During September, I’ve been very fortunate to attend two actual physical conferences focused on 5G. The first was in Denver Colorado, conveniently just across the Rocky Mountains from my current home in Grand Junction. The second was in London England, 200 miles or so south of my original home in Yorkshire (typically celebrated as the home of the most successful cricket team ever, though puddings also get a well-deserved mention).
After a number of conversations and sessions at these events, it seems that we can probably stop speculating about the killer app that’s going to drive 5G adoption in the way that Uber is often cited to have done for 4G.

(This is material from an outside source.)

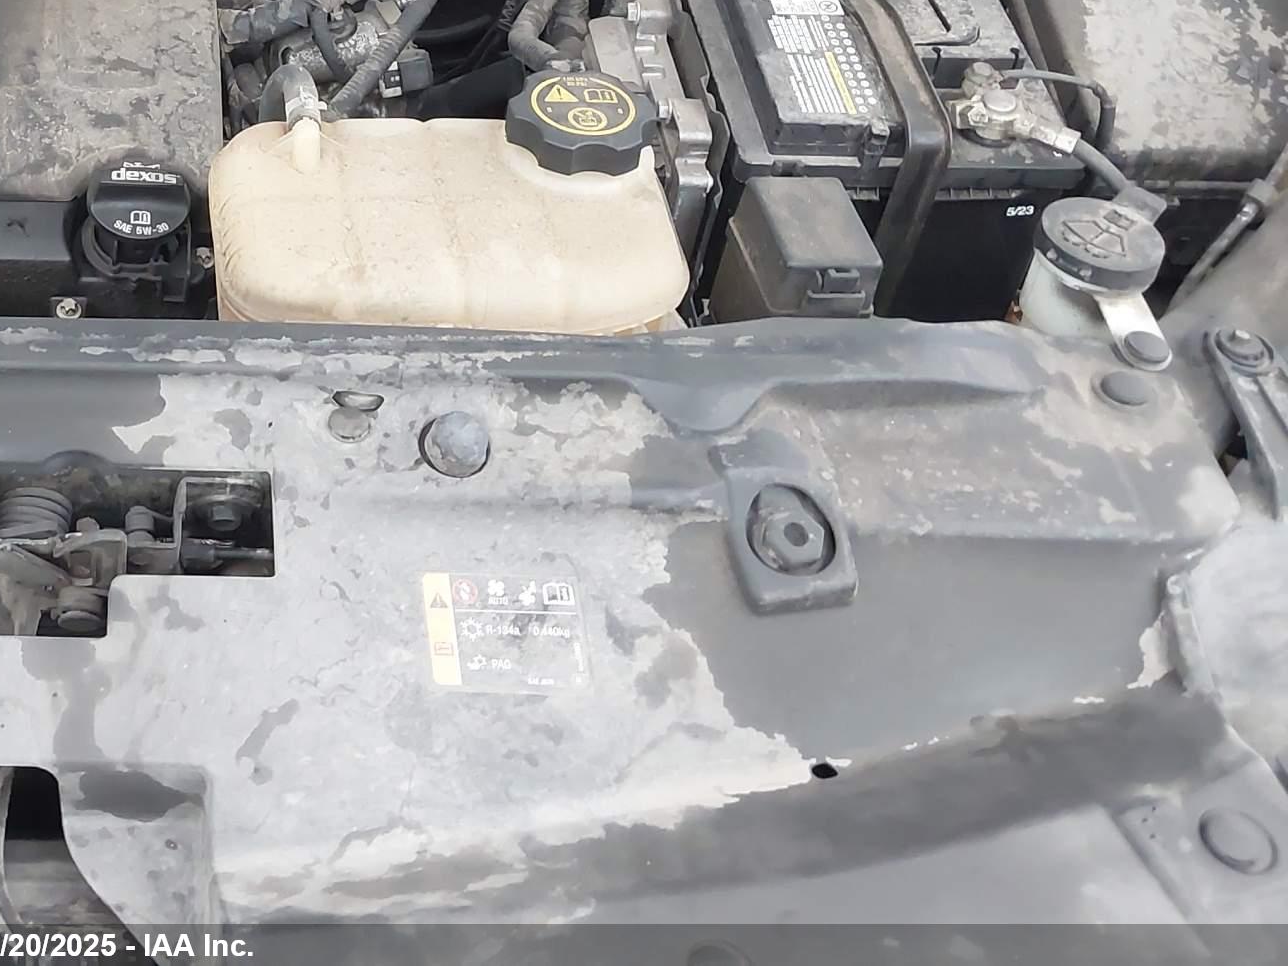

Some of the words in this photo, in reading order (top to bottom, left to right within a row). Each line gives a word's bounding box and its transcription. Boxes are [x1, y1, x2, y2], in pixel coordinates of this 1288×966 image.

In certain scenarios, consumers are undoubtedly seeing tangible benefits from 5G, though not necessarily from the higher bandwidth and lower latency that were originally touted as must-have characteristics. 5G Fixed Wireless Access, positioned by one 5G World speaker as “Fiber through the Air”, brings high-speed broadband to rural communities who it would never be cost-effective for telcos to serve with fiber through the ground. The reliability of 5G connections promises improved video quality not only for those dreaded WFH Zoom calls but also for remote learning. And some telcos are indeed seeing a business upside in the consumer space, with SKT claiming a 37% in ARPU thanks to applications such as cloud gaming and virtual reality.
Overall, though, 5G is an enterprise play and the big upside revenue opportunities for telcos are in the enterprise space. During this month’s events, it’s been fascinating to hear about a plethora of real use cases in smart ports, smart manufacturing, smart grids, automated mining, airports, smart stadia, healthcare, rail and construction. Many of these use cases leverage edge compute, often deployed with a hyperscale cloud provider, while most will take advantage of network slicing as standalone (SA) cores are introduced.
Rather than the 5G killer app that many folks were searching for when 5G was first launched, we should expect to see an ongoing rollout of enterprise-focused applications that deliver improved automation, increased safety, process optimization and operational cost reductions across an ever-expanding range of use cases. These represent opportunities for telcos to provide new kinds of customers with new kinds of services, raising the very real prospect of improving ARPU through delivering new high-value services, rather than focusing on cost-cutting. And judging from the vendor participation at these recent events, companies that have not traditionally been part of the telco ecosystem are stepping up to compete to participate in these new solutions.